───── Excerpted data ─────
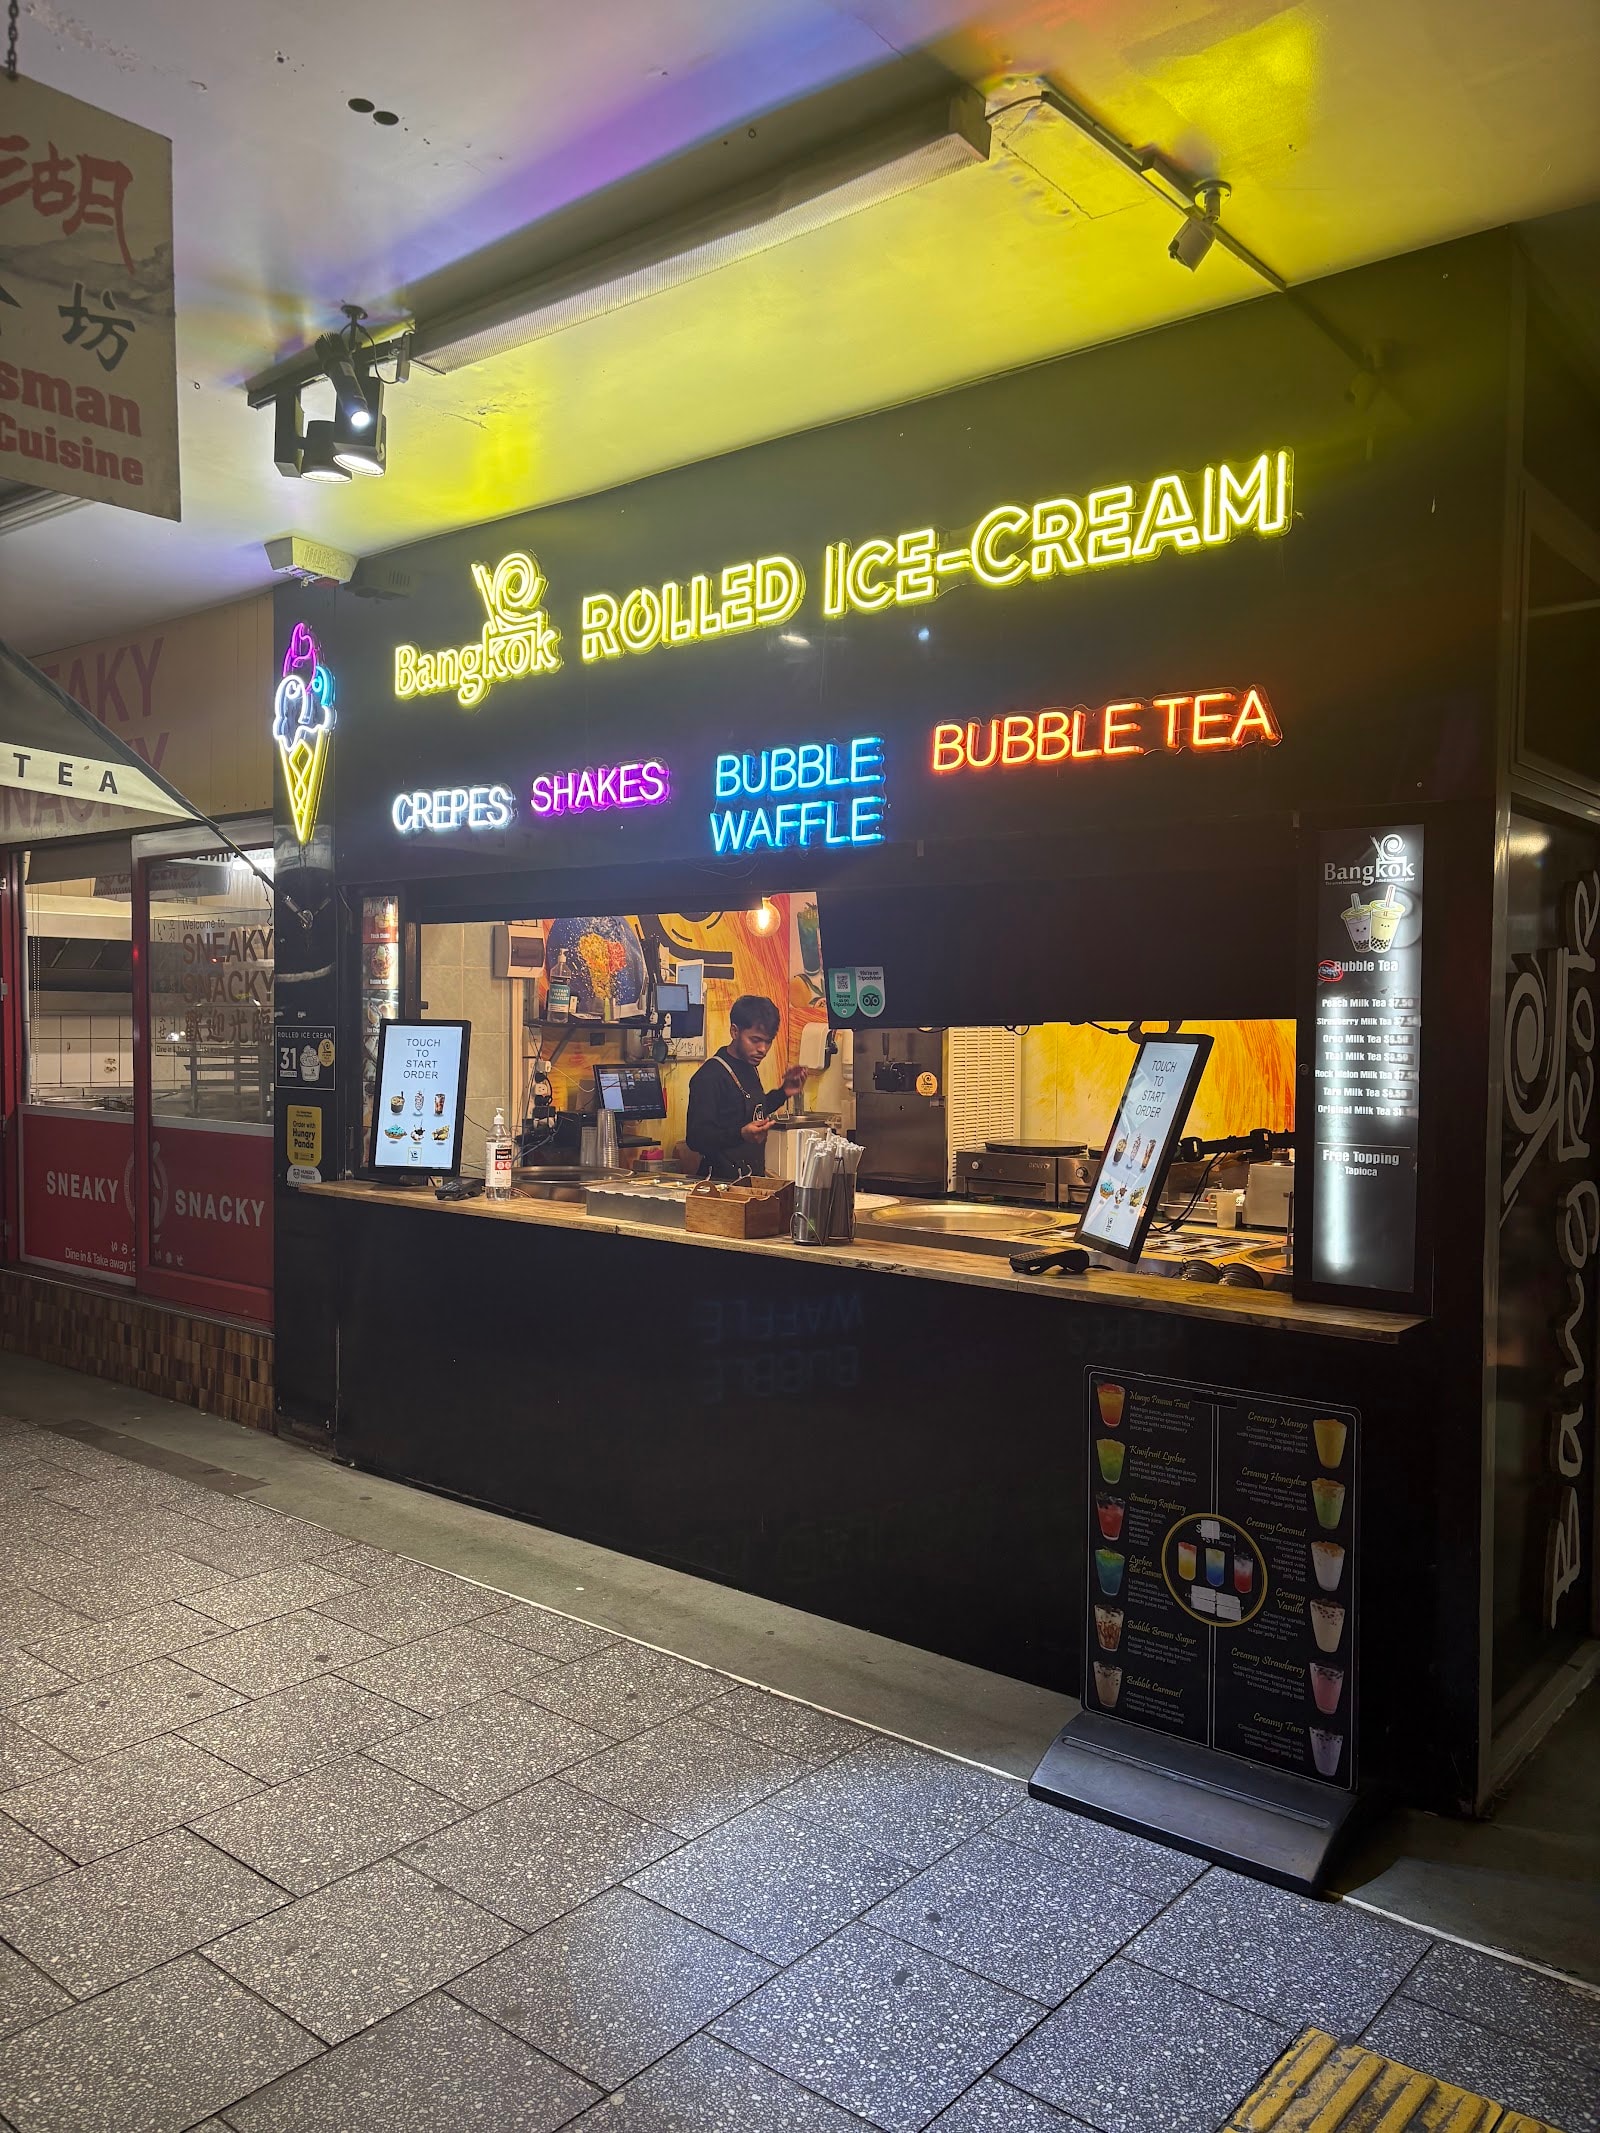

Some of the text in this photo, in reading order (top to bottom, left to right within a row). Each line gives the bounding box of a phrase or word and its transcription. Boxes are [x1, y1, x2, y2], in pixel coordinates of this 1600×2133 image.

[0, 412, 144, 487] Cuisine
[581, 450, 1290, 661] ROLLED ICE-CREAM
[394, 620, 562, 706] Bangkok
[932, 690, 1281, 771] BUBBLE TEA
[13, 752, 119, 795] TEA
[715, 737, 884, 797] BUBBLE
[530, 761, 670, 814] SHAKES
[392, 786, 513, 831] CREPES
[710, 796, 885, 853] WAFFLE
[1324, 858, 1415, 886] Bangkok
[183, 918, 225, 930] Welcome to
[182, 928, 274, 966] SNEAKY
[1334, 960, 1374, 972] Bubble
[1378, 960, 1399, 972] Tea
[182, 970, 274, 1003] SNACKY
[1350, 999, 1369, 1008] Milk
[1372, 999, 1386, 1008] Tea
[1360, 1018, 1377, 1026] Milk
[1379, 1018, 1392, 1026] Tea
[277, 1031, 299, 1039] ROLLED
[406, 1038, 441, 1047] TOUCH
[1345, 1034, 1364, 1044] Milk
[1367, 1035, 1381, 1044] Tea
[280, 1047, 297, 1070] 31
[416, 1049, 429, 1057] TO
[1345, 1052, 1364, 1061] Milk
[1367, 1053, 1381, 1061] Tea
[406, 1060, 438, 1068] START
[1151, 1060, 1177, 1073] TOUCH
[403, 1071, 439, 1079] ORDER
[1153, 1076, 1164, 1086] TO
[1360, 1070, 1377, 1079] Milk
[1379, 1071, 1392, 1080] Tea
[1141, 1090, 1166, 1103] START
[1343, 1087, 1363, 1097] Milk
[1365, 1088, 1380, 1097] Tea
[1135, 1104, 1162, 1119] ORDER
[1317, 1105, 1352, 1115] Original
[1354, 1106, 1373, 1115] Milk
[1376, 1107, 1390, 1116] Tea
[292, 1120, 306, 1128] Order
[292, 1128, 316, 1140] Hungry
[294, 1139, 314, 1149] Panda
[1322, 1149, 1400, 1166] Free Topping
[1345, 1166, 1378, 1177] Tapioca
[46, 1171, 266, 1227] SNEAKY SNACKY
[65, 1247, 79, 1260] Dine
[80, 1251, 86, 1261] in
[87, 1252, 92, 1263] &
[92, 1252, 108, 1266] Take
[109, 1257, 127, 1272] away
[1129, 1390, 1151, 1406] Mango
[1248, 1411, 1308, 1433] Creamy Mango
[1241, 1466, 1308, 1489] Creamy Honeydew
[1246, 1516, 1306, 1537] Creamy Coconut
[1275, 1587, 1306, 1605] Creamy
[1277, 1599, 1304, 1614] Vanilla
[1127, 1620, 1197, 1647] Bubble Brown Sugar
[1231, 1647, 1306, 1679] Creamy Strawberry
[1126, 1675, 1184, 1698] Bubble Caramel
[1253, 1712, 1305, 1735] Creamy Taro
─────
Return every entry above exactly. Pictures stay out.

Some of the text in this photo, in reading order (top to bottom, left to right within a row). Each line gives the bounding box of a phrase or word and its transcription. Boxes are [x1, y1, x2, y2], in pixel coordinates of this 1600×2133 image.

[0, 412, 144, 487] Cuisine
[581, 450, 1290, 661] ROLLED ICE-CREAM
[394, 620, 562, 706] Bangkok
[932, 690, 1281, 771] BUBBLE TEA
[13, 752, 119, 795] TEA
[715, 737, 884, 797] BUBBLE
[530, 761, 670, 814] SHAKES
[392, 786, 513, 831] CREPES
[710, 796, 885, 853] WAFFLE
[1324, 858, 1415, 886] Bangkok
[183, 918, 225, 930] Welcome to
[182, 928, 274, 966] SNEAKY
[1334, 960, 1374, 972] Bubble
[1378, 960, 1399, 972] Tea
[182, 970, 274, 1003] SNACKY
[1350, 999, 1369, 1008] Milk
[1372, 999, 1386, 1008] Tea
[1360, 1018, 1377, 1026] Milk
[1379, 1018, 1392, 1026] Tea
[277, 1031, 299, 1039] ROLLED
[406, 1038, 441, 1047] TOUCH
[1345, 1034, 1364, 1044] Milk
[1367, 1035, 1381, 1044] Tea
[280, 1047, 297, 1070] 31
[416, 1049, 429, 1057] TO
[1345, 1052, 1364, 1061] Milk
[1367, 1053, 1381, 1061] Tea
[406, 1060, 438, 1068] START
[1151, 1060, 1177, 1073] TOUCH
[403, 1071, 439, 1079] ORDER
[1153, 1076, 1164, 1086] TO
[1360, 1070, 1377, 1079] Milk
[1379, 1071, 1392, 1080] Tea
[1141, 1090, 1166, 1103] START
[1343, 1087, 1363, 1097] Milk
[1365, 1088, 1380, 1097] Tea
[1135, 1104, 1162, 1119] ORDER
[1317, 1105, 1352, 1115] Original
[1354, 1106, 1373, 1115] Milk
[1376, 1107, 1390, 1116] Tea
[292, 1120, 306, 1128] Order
[292, 1128, 316, 1140] Hungry
[294, 1139, 314, 1149] Panda
[1322, 1149, 1400, 1166] Free Topping
[1345, 1166, 1378, 1177] Tapioca
[46, 1171, 266, 1227] SNEAKY SNACKY
[65, 1247, 79, 1260] Dine
[80, 1251, 86, 1261] in
[87, 1252, 92, 1263] &
[92, 1252, 108, 1266] Take
[109, 1257, 127, 1272] away
[1129, 1390, 1151, 1406] Mango
[1248, 1411, 1308, 1433] Creamy Mango
[1241, 1466, 1308, 1489] Creamy Honeydew
[1246, 1516, 1306, 1537] Creamy Coconut
[1275, 1587, 1306, 1605] Creamy
[1277, 1599, 1304, 1614] Vanilla
[1127, 1620, 1197, 1647] Bubble Brown Sugar
[1231, 1647, 1306, 1679] Creamy Strawberry
[1126, 1675, 1184, 1698] Bubble Caramel
[1253, 1712, 1305, 1735] Creamy Taro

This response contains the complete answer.